Lately one of my customers had some issues with his VMware vSphere environment where the semi-outage of one ESXi took down quit a huge amount of his VMs. After fixing the issue in his productive infrastructure and bringing back his IT everything seamed working again. Some days later we noticed Errors in some of his Veeam Backup Jobs. Strangely not all VMs where affected and those affected had no direct correlation (e.g. same ESXi host, same datastore, some network, etc.).
The error message shown inside the Veeam Backup & Replication console was an error I have not seen before:
Error: DiskLib error: .A file error was encountered -- Failed to read the file
Error Failed to retrieve next FILE_PUT message. File path: [[<DATASTORE>] <VMFOLDER>/<VM>.vmx]. File pointer: . File size: .
After a little digging inside the Backup Job itself without success we switched over to the VMware vSphere side and startet to look into the affected VMs. All of them where running without any issues or other conspicuous behaviour. Regardless, we wanted to take a look at the corresponding log files.
This is where the strange behaviour startet. We were unable to download the log files from underlying datastore. We tired to collect the logs through vCenter and directly on the ESXi host. Same outcome using both options. After a quick brainstorming we came back with the idea to move the VM to a different datastore and try our luck again. At about 30% of the Storage vMotion the operation crashed with the error below.
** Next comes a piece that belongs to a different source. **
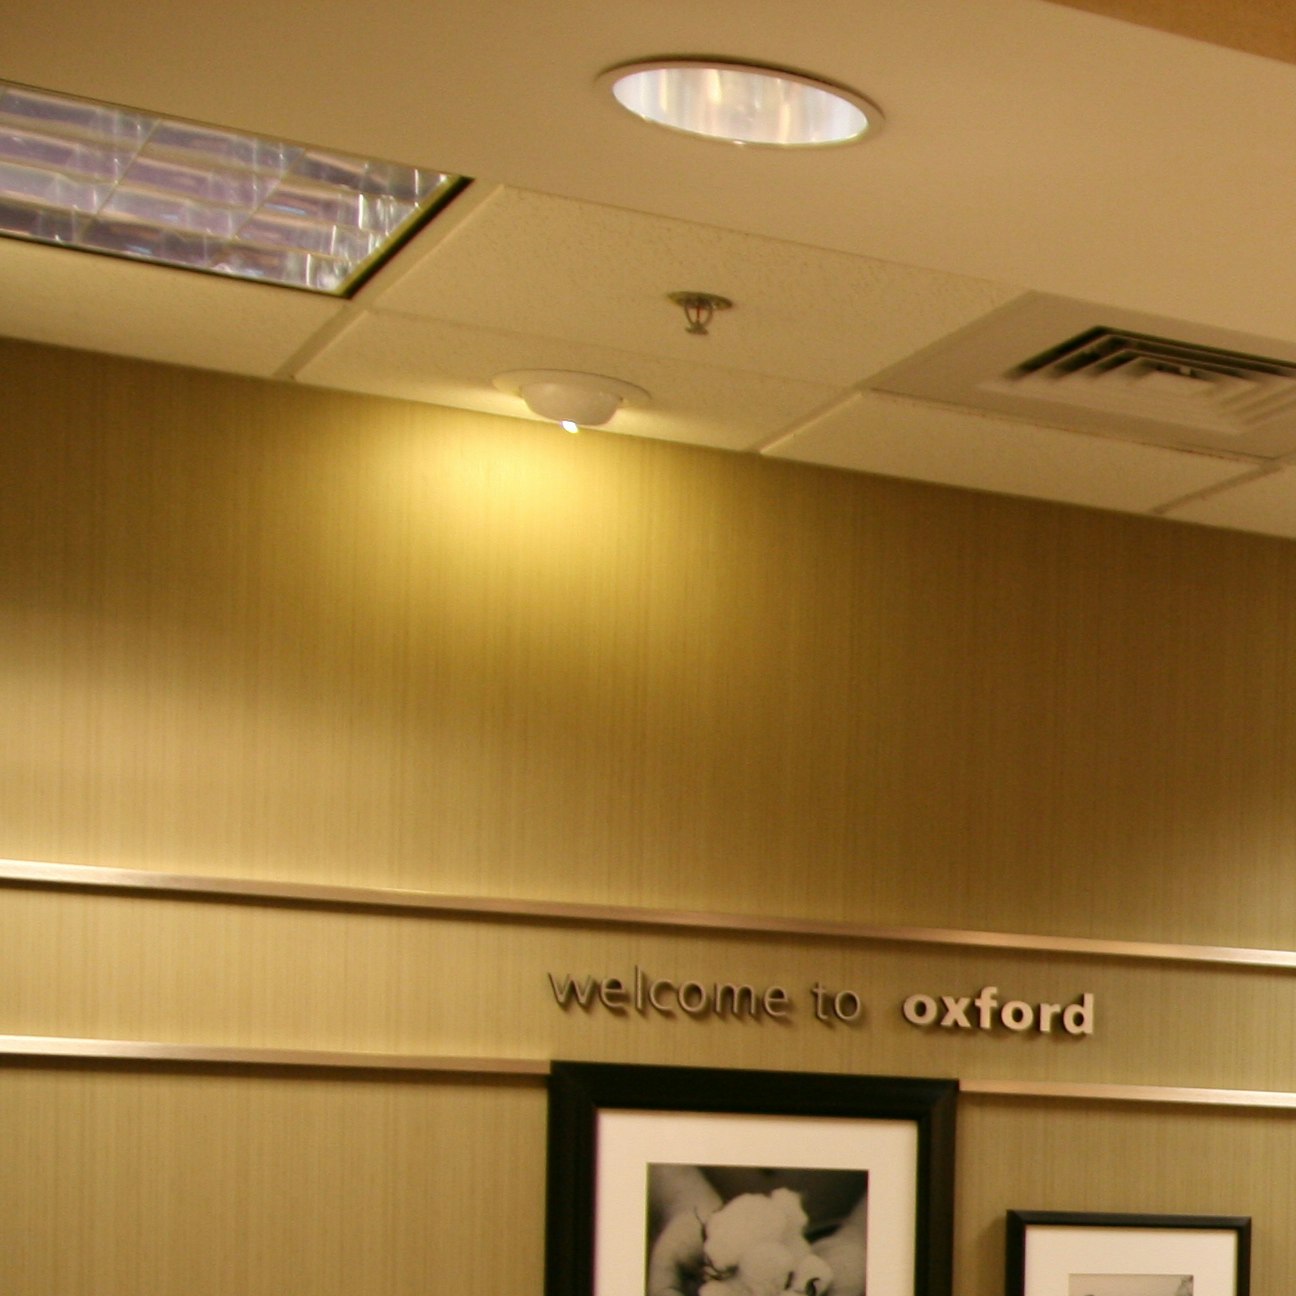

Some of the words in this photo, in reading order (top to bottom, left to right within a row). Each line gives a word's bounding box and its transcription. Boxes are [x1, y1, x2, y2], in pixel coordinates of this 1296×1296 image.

Checking the Events tab inside the vCenter GUI revealed some details which where more ore less useful because we were not able to access the referenced logs.
Failed waiting for data. Error 195887107. Not found. Failed to create one or more destination files. A fatal internal error occurred. See the virtual machine's log for more details.
Last idea we came up with was to remove the affected VMs from the vCenter inventory and try to reregister them as a new VM. Because some of the affected VMs are part of a mission critical business application we tried our luck first with one of the less critical systems. We followed the the outline procedure below.
- Shutdown the VM
- Check VM configuration for the location of VMDK and VMX files on the datastores
- Remove the VM from vCenter inventory, keep files on datastores
- Navigate to the datastore location identified in step 2 and re-register the VM using the VMX file and the „REGISTER VM“ operation
- Power On the newly registered VM
After the re-registration of the VM we tried the Storage vMotion operation again. This time the operation completed successful. This initial success made us hopeful and we switched back to the Veeam Backup & Replication console.
First we wanted to try a Veeam Quick Backup of the VM but quickly realised that the changed VM ID caused by the re-registration required us to perform a new full backup of the VM. For our test VM we decided to run a standalone full backup using VeeamZIP.
Shortly after starting the VeeamZIP job we had reason to be happy, after re-registering the VM not only the Storage vMotion operation worked but also Veeam Backup & Replication was able to backup the VM successfully again.
Personally, I’ve never seen this error before, so I’m even happier that not all VMs were affected by this issue after the mysterious crash of the VMware vSphere environment. Not only was a downtime of the applications necessary to re-register the VMs in vCenter, no a full backup of each affected VM had to be created due to the newly created IDs. If the entire cluster had been affected, I could have expected a few night shifts.